### [DIRECTIONS FOR THIS TASK]
The whole listing below needs to be duplicated exactly, pictures aside.

### [EXTRACTED DATA]

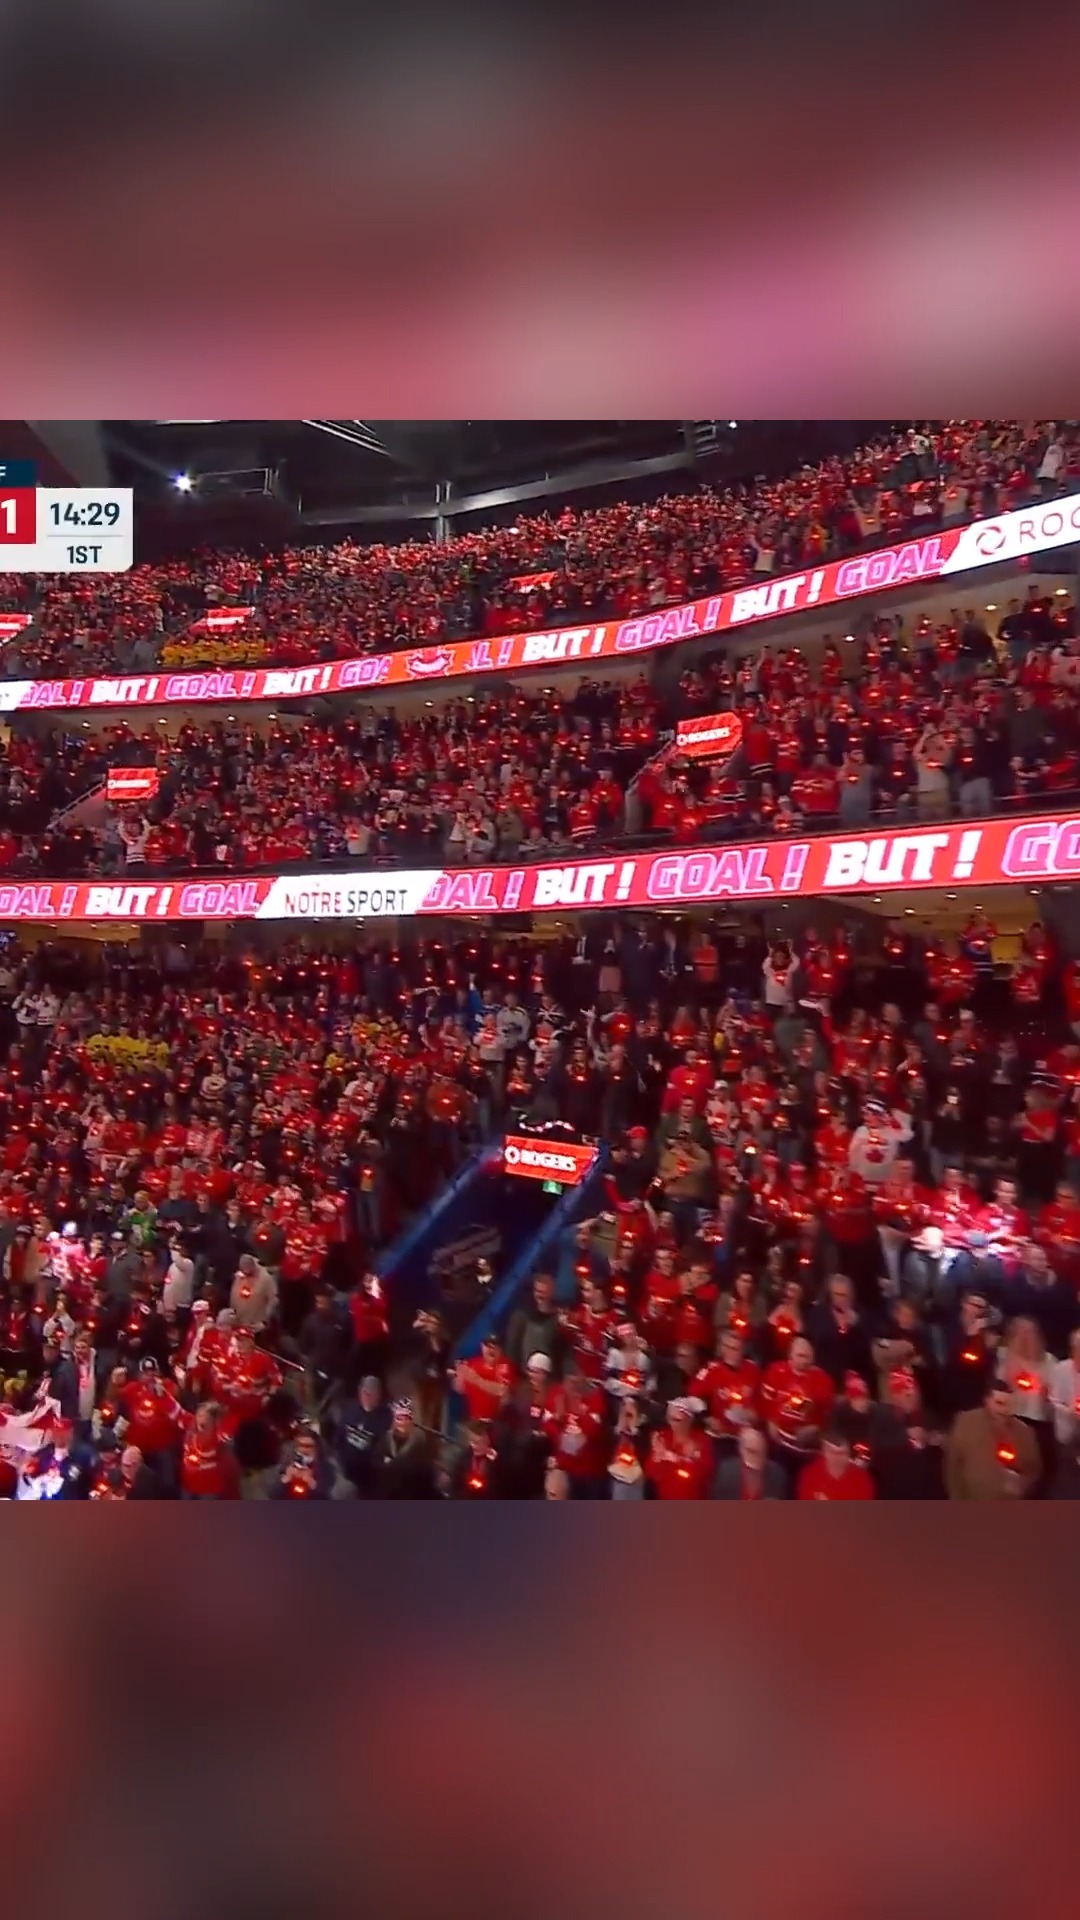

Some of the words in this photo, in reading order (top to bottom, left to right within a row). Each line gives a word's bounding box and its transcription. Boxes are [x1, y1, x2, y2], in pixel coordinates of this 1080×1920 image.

[835, 538, 945, 596] GOAL
[179, 882, 262, 917] GOAL
[347, 889, 408, 913] SPORT
[520, 1149, 577, 1172] ROGERS

### [TASK RESULT]
Some of the words in this photo, in reading order (top to bottom, left to right within a row). Each line gives a word's bounding box and its transcription. Boxes are [x1, y1, x2, y2], in pixel coordinates of this 1080×1920 image.

[835, 538, 945, 596] GOAL
[179, 882, 262, 917] GOAL
[347, 889, 408, 913] SPORT
[520, 1149, 577, 1172] ROGERS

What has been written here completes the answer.